Dopo aver respinto i motivi di ricorso di tipo procedurale, e illustrato il quadro normativo di riferimento in tema di pirateria online, i giudici, sulla contestazione del quantum della multa inflitta, hanno ritenuto che la delibera sanzionatoria «si appalesa come il frutto di un corretto e proporzionato bilanciamento tra l’esigenza di repressione dell’illecito e la capacità patrimoniale del trasgressore»; e non sono stati ritenuti sussistenti «i presupposti per l’esercizio del potere di rideterminazione giudiziale del quantum».
«Le sentenze del TAR Lazio rappresentano una svolta storica nella tutela del diritto d’autore e dell’industria sportiva italiana – ha commentato l’Amministratore delegato della Lega Calcio Serie A, Luigi de Siervo –. Viene riconosciuta con assoluta chiarezza la piena legittimità dell’intero impianto normativo e tecnologico di Piracy Shield, confermando che la lotta alla pirateria digitale può e deve essere efficace anche nei confronti dei grandi operatori internazionali. Questa decisione certifica la bontà del percorso intrapreso dalle istituzioni italiane e premia il lavoro del Governo, dell’AGCOM, dell’Agenzia per la Cybersicurezza Nazionale, sempre supportate nel loro operato dalla Lega Calcio Serie A, e di tutte le autorità che hanno creduto nella necessità di dotare il Paese di uno strumento innovativo per contrastare un fenomeno che per anni ha sottratto risorse fondamentali al sistema calcio.
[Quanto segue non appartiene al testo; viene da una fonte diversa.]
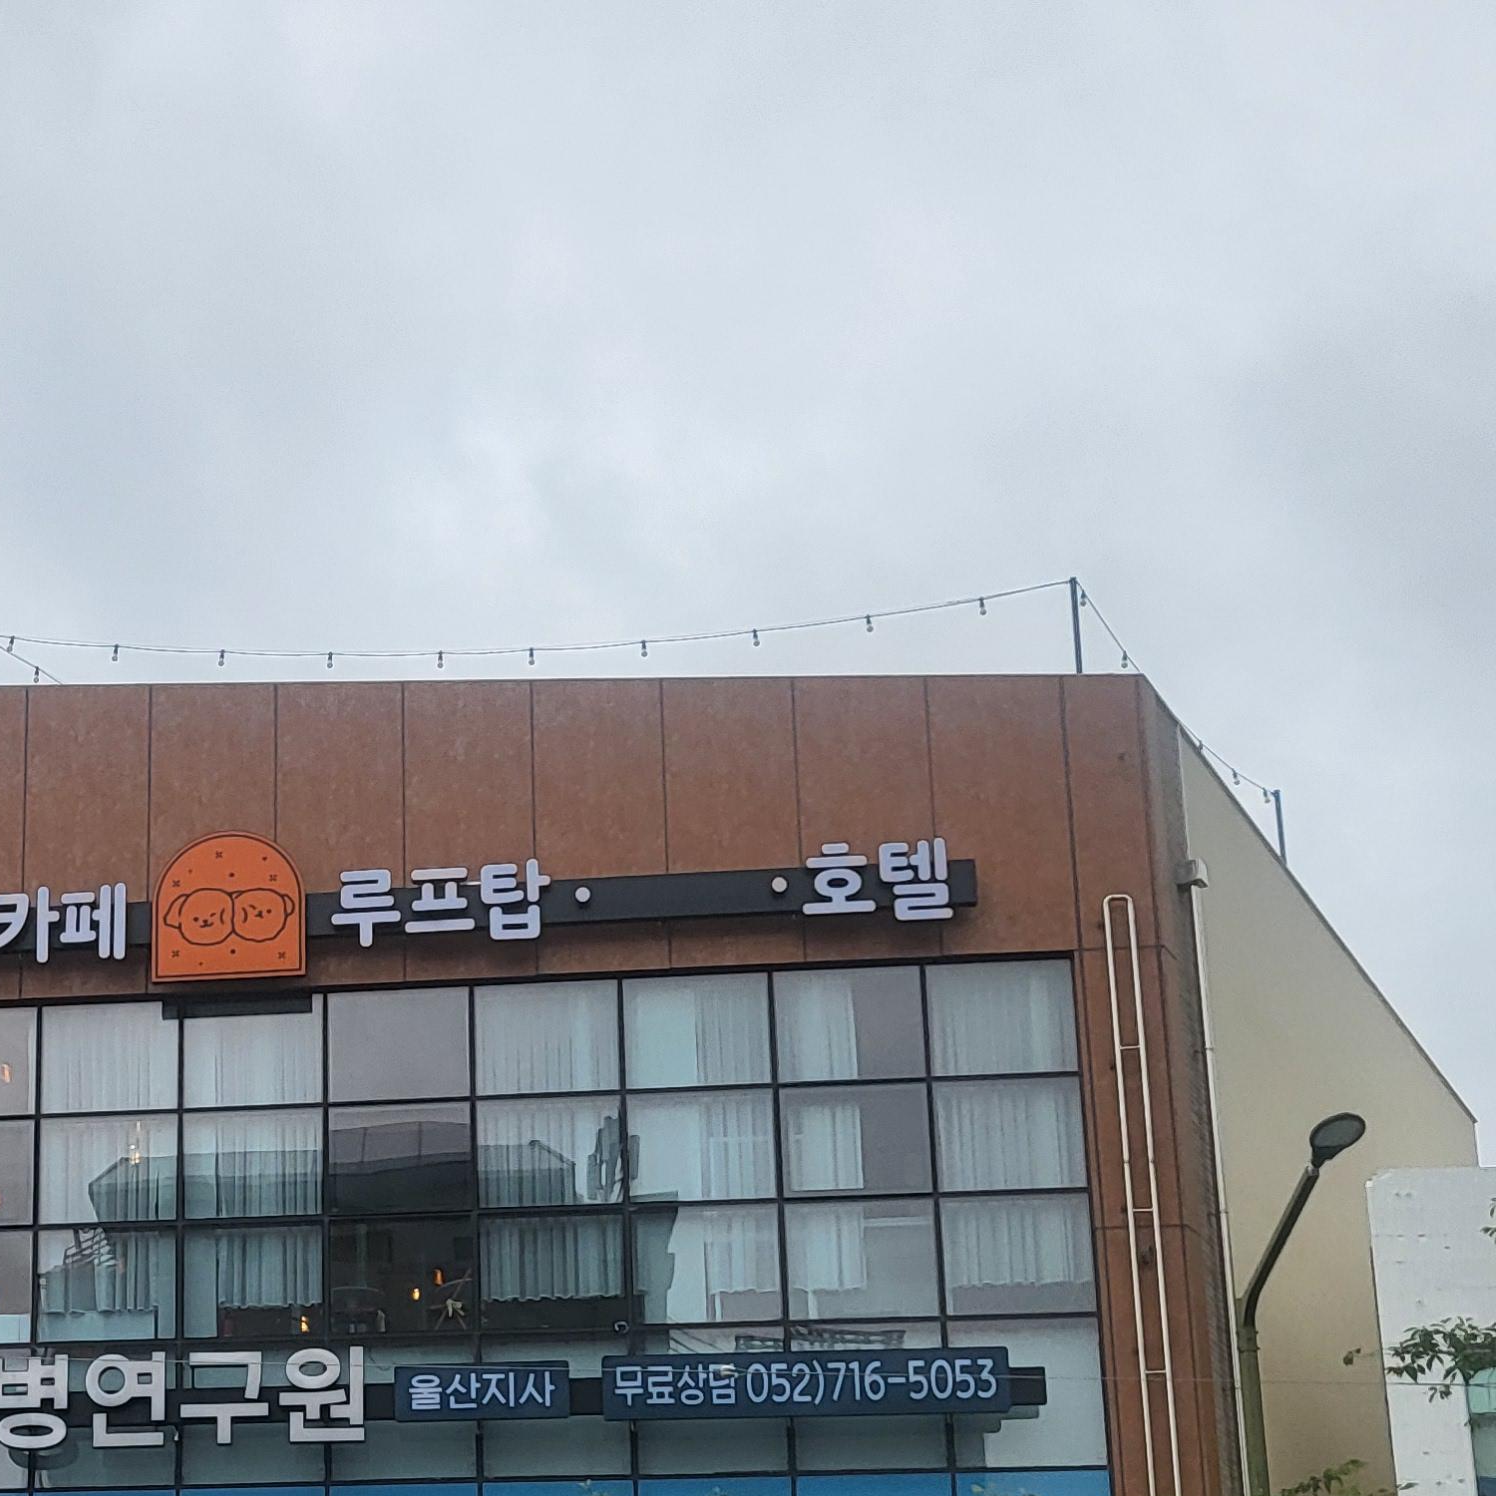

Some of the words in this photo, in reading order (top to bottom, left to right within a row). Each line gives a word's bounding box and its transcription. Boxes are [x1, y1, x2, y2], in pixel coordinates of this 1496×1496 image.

[408, 1371, 555, 1410] 울산지사
[614, 1363, 736, 1407] 무료상담
[745, 1358, 997, 1406] 052)716-5053
«Il riconoscimento della legittimità dell’ordine di blocco e della sanzione superiore a 14 milioni di euro costituisce un messaggio inequivocabile: nessun soggetto, indipendentemente dalla propria dimensione o dal luogo in cui opera, può ritenersi al di sopra delle regole. Chi contribuisce, anche indirettamente, alla diffusione illecita dei contenuti protetti è chiamato a risponderne. La pirateria non è un comportamento senza conseguenze: danneggia il valore dei diritti audiovisivi, penalizza i club, gli investimenti, l’occupazione e l’intero ecosistema dello sport professionistico. Oggi arriva un’ulteriore conferma che la legalità deve prevalere anche nel mondo digitale. Per la Lega Calcio Serie A questa pronuncia rappresenta una vittoria che va ben oltre il singolo contenzioso: è un precedente destinato a rafforzare la tutela dei contenuti sportivi in Italia e a livello internazionale e conferma che Piracy Shield è uno strumento efficace, affidabile e pienamente conforme al quadro normativo nazionale ed europeo. Continueremo a lavorare con la stessa determinazione affinché il fenomeno della pirateria venga progressivamente eliminato, a tutela dei tifosi, dei broadcaster e del futuro del calcio italiano», ha concluso De Siervo.
«Il TAR mette nero su bianco i principi su cui poggia l’intero modello italiano di contrasto alla pirateria. AgCom può ordinare la disabilitazione dei contenuti illeciti anche ai prestatori stabiliti all’estero, ovunque residenti e ovunque localizzati come recita la legge. Ciò che conta non è dove ha sede l’operatore, ma dove l’illecito produce i suoi effetti: e questi si producono in Italia, sugli utenti italiani. Un primo passo, ma cruciale», così ha commentato su LinkedIn, Massimo Capitanio, commissario dell’Autorità per le garanzie nelle comunicazioni.
«È solo una sentenza di primo grado, ma quello che è stato scritto pesa, e indica una direzione chiara. Piracy Shield non è uno strumento che può mettere a repentaglio il funzionamento di internet, né attentare alla libertà di espressione. Quella messa in piedi da AgCom è un’infrastruttura di legalità e continuerà a esserlo. Uno strumento concreto per tutti gli operatori che vorranno collaborare nel rispetto delle leggi e con l’obiettivo di un ecosistema digitale più sicuro per tutt. Chi ha scelto di non accreditarsi alla piattaforma e di non presentare alcun reclamo non può poi lamentare la lesione delle proprie garanzie: il giudice ha qualificato la condotta come “intenzionale inottemperanzà”. Una sentenza complessa ma estremamente esaustiva, che mette nero su bianco un principio cardine: la legge antipirateria n. 93/2023 e la vigilanza di AgCom attraverso Piracy Shield sono parte di un impianto “al riparo dai dubbi di legittimità costituzionale e di compatibilità con la normativa sovranazionale paventati dalla ricorrente”», conclude Capitanio.